(Collected data)
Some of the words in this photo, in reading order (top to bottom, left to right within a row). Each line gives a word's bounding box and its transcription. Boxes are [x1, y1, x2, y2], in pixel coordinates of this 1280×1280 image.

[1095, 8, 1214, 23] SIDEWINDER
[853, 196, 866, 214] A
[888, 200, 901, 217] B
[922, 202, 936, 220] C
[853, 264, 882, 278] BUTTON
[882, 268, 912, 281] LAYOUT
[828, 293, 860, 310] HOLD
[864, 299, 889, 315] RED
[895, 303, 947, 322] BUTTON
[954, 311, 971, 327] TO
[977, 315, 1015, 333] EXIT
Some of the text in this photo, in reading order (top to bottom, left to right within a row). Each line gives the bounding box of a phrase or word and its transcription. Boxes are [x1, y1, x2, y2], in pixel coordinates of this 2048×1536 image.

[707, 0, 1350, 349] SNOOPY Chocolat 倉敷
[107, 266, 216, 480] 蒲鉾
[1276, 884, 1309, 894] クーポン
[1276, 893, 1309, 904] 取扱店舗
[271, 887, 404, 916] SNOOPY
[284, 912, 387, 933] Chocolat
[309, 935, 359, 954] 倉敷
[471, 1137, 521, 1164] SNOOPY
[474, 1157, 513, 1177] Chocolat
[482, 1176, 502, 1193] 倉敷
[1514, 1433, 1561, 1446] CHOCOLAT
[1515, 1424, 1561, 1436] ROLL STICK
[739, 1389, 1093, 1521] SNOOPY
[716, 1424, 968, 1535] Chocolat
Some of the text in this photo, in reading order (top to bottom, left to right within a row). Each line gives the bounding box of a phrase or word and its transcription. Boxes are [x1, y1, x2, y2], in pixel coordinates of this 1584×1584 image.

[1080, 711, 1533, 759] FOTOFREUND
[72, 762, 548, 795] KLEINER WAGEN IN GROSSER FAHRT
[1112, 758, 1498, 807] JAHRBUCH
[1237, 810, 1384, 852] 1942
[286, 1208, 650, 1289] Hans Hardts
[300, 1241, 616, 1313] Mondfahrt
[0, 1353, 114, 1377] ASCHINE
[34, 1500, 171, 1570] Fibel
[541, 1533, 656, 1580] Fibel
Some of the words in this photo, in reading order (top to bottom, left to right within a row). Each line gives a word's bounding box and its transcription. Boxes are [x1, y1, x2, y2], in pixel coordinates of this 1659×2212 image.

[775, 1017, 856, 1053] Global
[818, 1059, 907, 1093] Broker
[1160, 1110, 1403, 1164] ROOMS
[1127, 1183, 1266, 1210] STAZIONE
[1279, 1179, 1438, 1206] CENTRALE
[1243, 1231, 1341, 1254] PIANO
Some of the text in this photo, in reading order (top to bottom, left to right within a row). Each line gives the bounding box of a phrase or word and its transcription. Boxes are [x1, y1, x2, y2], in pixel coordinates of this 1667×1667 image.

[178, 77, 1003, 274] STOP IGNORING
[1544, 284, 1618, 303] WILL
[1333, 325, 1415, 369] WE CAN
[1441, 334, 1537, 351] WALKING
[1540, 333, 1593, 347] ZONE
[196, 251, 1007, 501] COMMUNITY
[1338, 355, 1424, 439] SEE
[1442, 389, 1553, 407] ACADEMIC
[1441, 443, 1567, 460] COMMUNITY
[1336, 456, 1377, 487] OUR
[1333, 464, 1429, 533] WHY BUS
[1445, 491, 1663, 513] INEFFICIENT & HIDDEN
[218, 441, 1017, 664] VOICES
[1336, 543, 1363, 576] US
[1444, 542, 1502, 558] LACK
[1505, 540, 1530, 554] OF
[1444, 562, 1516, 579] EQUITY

• [Assignment] Copy out every entry, keeping each line exactly as it is.

• [Answer for the task]
Some of the words in this photo, in reading order (top to bottom, left to right within a row). Each line gives a word's bounding box and its transcription. Boxes are [x1, y1, x2, y2], in pixel coordinates of this 1280×1280 image.

[1095, 8, 1214, 23] SIDEWINDER
[853, 196, 866, 214] A
[888, 200, 901, 217] B
[922, 202, 936, 220] C
[853, 264, 882, 278] BUTTON
[882, 268, 912, 281] LAYOUT
[828, 293, 860, 310] HOLD
[864, 299, 889, 315] RED
[895, 303, 947, 322] BUTTON
[954, 311, 971, 327] TO
[977, 315, 1015, 333] EXIT
Some of the text in this photo, in reading order (top to bottom, left to right within a row). Each line gives the bounding box of a phrase or word and its transcription. Boxes are [x1, y1, x2, y2], in pixel coordinates of this 2048×1536 image.

[707, 0, 1350, 349] SNOOPY Chocolat 倉敷
[107, 266, 216, 480] 蒲鉾
[1276, 884, 1309, 894] クーポン
[1276, 893, 1309, 904] 取扱店舗
[271, 887, 404, 916] SNOOPY
[284, 912, 387, 933] Chocolat
[309, 935, 359, 954] 倉敷
[471, 1137, 521, 1164] SNOOPY
[474, 1157, 513, 1177] Chocolat
[482, 1176, 502, 1193] 倉敷
[1514, 1433, 1561, 1446] CHOCOLAT
[1515, 1424, 1561, 1436] ROLL STICK
[739, 1389, 1093, 1521] SNOOPY
[716, 1424, 968, 1535] Chocolat
Some of the text in this photo, in reading order (top to bottom, left to right within a row). Each line gives the bounding box of a phrase or word and its transcription. Boxes are [x1, y1, x2, y2], in pixel coordinates of this 1584×1584 image.

[1080, 711, 1533, 759] FOTOFREUND
[72, 762, 548, 795] KLEINER WAGEN IN GROSSER FAHRT
[1112, 758, 1498, 807] JAHRBUCH
[1237, 810, 1384, 852] 1942
[286, 1208, 650, 1289] Hans Hardts
[300, 1241, 616, 1313] Mondfahrt
[0, 1353, 114, 1377] ASCHINE
[34, 1500, 171, 1570] Fibel
[541, 1533, 656, 1580] Fibel
Some of the words in this photo, in reading order (top to bottom, left to right within a row). Each line gives a word's bounding box and its transcription. Boxes are [x1, y1, x2, y2], in pixel coordinates of this 1659×2212 image.

[775, 1017, 856, 1053] Global
[818, 1059, 907, 1093] Broker
[1160, 1110, 1403, 1164] ROOMS
[1127, 1183, 1266, 1210] STAZIONE
[1279, 1179, 1438, 1206] CENTRALE
[1243, 1231, 1341, 1254] PIANO
Some of the text in this photo, in reading order (top to bottom, left to right within a row). Each line gives the bounding box of a phrase or word and its transcription. Boxes are [x1, y1, x2, y2], in pixel coordinates of this 1667×1667 image.

[178, 77, 1003, 274] STOP IGNORING
[1544, 284, 1618, 303] WILL
[1333, 325, 1415, 369] WE CAN
[1441, 334, 1537, 351] WALKING
[1540, 333, 1593, 347] ZONE
[196, 251, 1007, 501] COMMUNITY
[1338, 355, 1424, 439] SEE
[1442, 389, 1553, 407] ACADEMIC
[1441, 443, 1567, 460] COMMUNITY
[1336, 456, 1377, 487] OUR
[1333, 464, 1429, 533] WHY BUS
[1445, 491, 1663, 513] INEFFICIENT & HIDDEN
[218, 441, 1017, 664] VOICES
[1336, 543, 1363, 576] US
[1444, 542, 1502, 558] LACK
[1505, 540, 1530, 554] OF
[1444, 562, 1516, 579] EQUITY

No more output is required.